[WHAT THE TASK REQUIRES]
Everything from the line with "Some of the text" to the end of the data should be restated word for word, and nothing before it.
Start of DATA PROVIDED
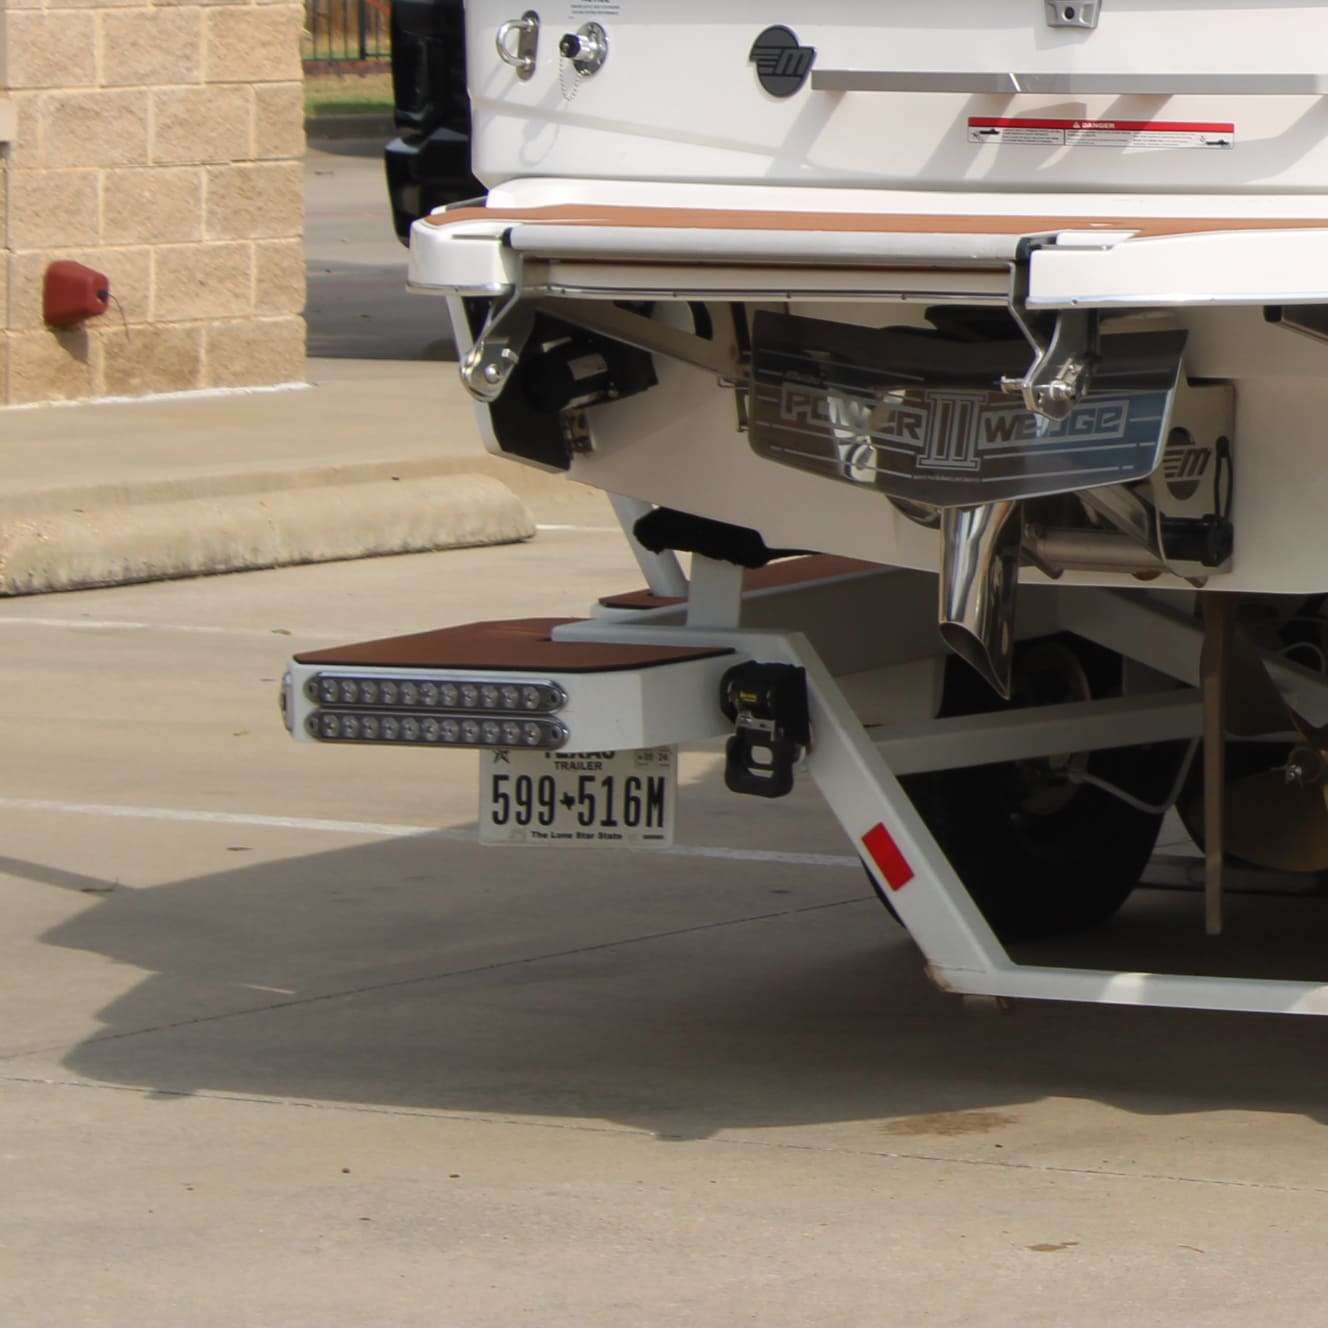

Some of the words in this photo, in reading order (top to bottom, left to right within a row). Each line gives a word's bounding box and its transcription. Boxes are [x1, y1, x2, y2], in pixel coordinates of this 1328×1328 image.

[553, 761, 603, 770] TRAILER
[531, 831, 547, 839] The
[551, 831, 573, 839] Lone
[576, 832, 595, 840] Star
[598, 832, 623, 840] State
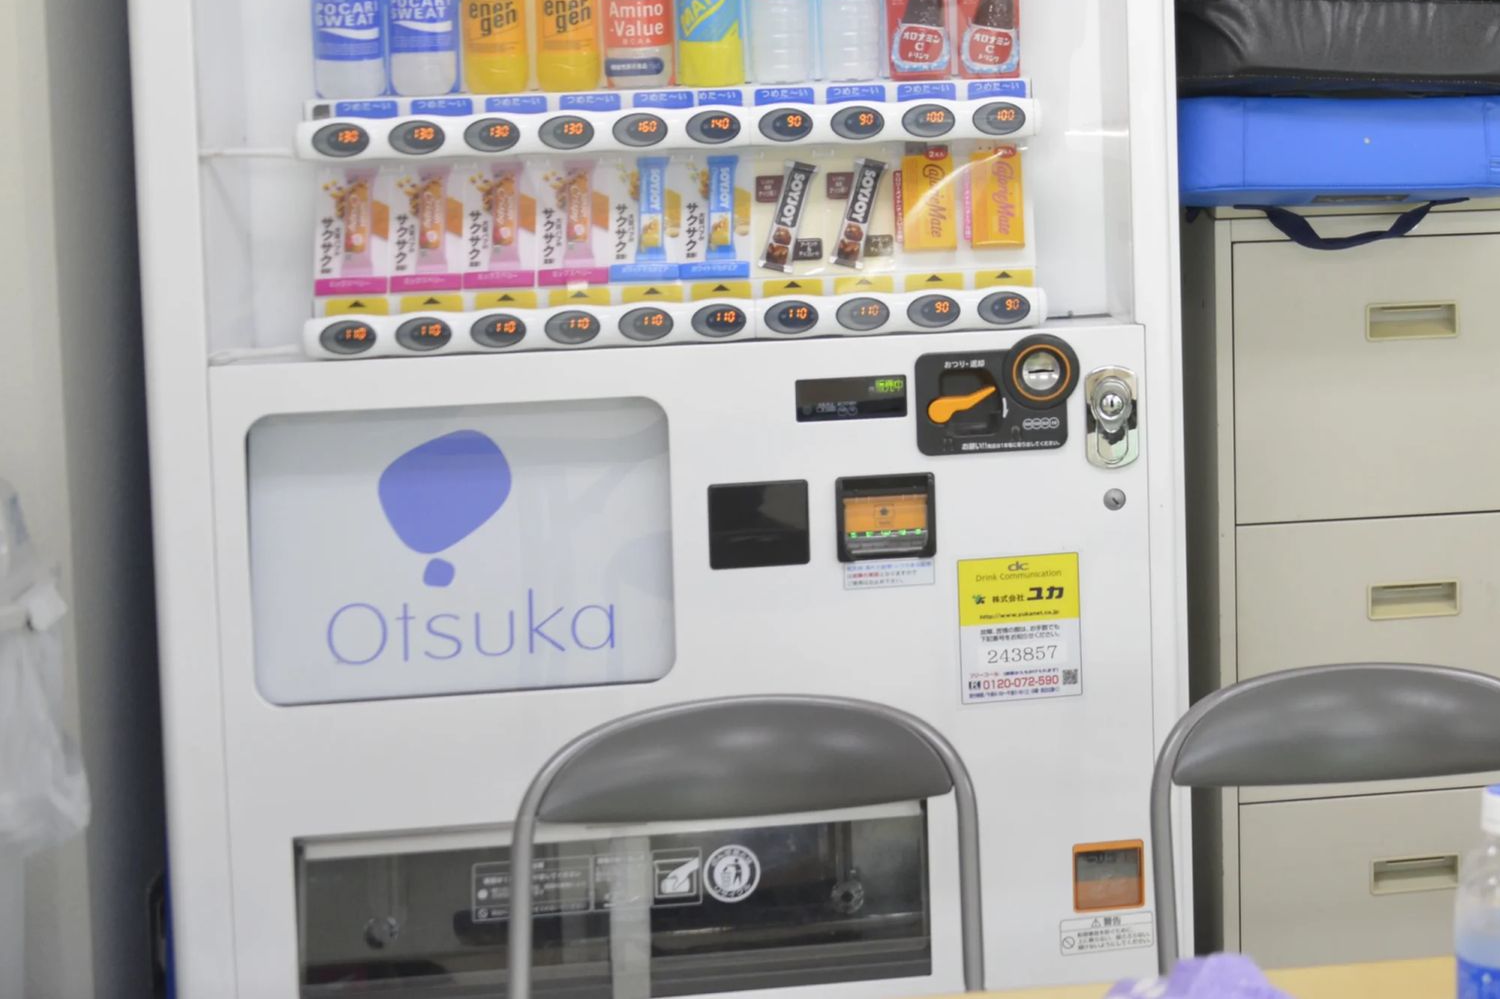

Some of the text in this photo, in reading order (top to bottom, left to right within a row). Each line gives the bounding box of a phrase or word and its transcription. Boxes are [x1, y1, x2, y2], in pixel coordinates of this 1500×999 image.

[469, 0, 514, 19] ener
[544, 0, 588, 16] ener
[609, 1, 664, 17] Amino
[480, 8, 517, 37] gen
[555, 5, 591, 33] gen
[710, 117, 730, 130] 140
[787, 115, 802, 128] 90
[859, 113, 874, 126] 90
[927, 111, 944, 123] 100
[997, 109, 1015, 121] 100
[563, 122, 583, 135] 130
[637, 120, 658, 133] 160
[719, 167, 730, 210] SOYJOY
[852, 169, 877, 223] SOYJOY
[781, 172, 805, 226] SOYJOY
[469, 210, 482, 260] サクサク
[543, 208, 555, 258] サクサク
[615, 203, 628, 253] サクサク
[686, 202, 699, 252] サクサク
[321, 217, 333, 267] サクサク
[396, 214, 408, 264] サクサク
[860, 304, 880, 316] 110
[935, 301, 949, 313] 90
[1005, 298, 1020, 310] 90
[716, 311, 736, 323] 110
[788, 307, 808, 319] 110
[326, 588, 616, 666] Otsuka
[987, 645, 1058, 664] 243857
End of DATA PROVIDED
[RESPONSE AREA]
Some of the text in this photo, in reading order (top to bottom, left to right within a row). Each line gives the bounding box of a phrase or word and its transcription. Boxes are [x1, y1, x2, y2], in pixel coordinates of this 1500×999 image.

[469, 0, 514, 19] ener
[544, 0, 588, 16] ener
[609, 1, 664, 17] Amino
[480, 8, 517, 37] gen
[555, 5, 591, 33] gen
[710, 117, 730, 130] 140
[787, 115, 802, 128] 90
[859, 113, 874, 126] 90
[927, 111, 944, 123] 100
[997, 109, 1015, 121] 100
[563, 122, 583, 135] 130
[637, 120, 658, 133] 160
[719, 167, 730, 210] SOYJOY
[852, 169, 877, 223] SOYJOY
[781, 172, 805, 226] SOYJOY
[469, 210, 482, 260] サクサク
[543, 208, 555, 258] サクサク
[615, 203, 628, 253] サクサク
[686, 202, 699, 252] サクサク
[321, 217, 333, 267] サクサク
[396, 214, 408, 264] サクサク
[860, 304, 880, 316] 110
[935, 301, 949, 313] 90
[1005, 298, 1020, 310] 90
[716, 311, 736, 323] 110
[788, 307, 808, 319] 110
[326, 588, 616, 666] Otsuka
[987, 645, 1058, 664] 243857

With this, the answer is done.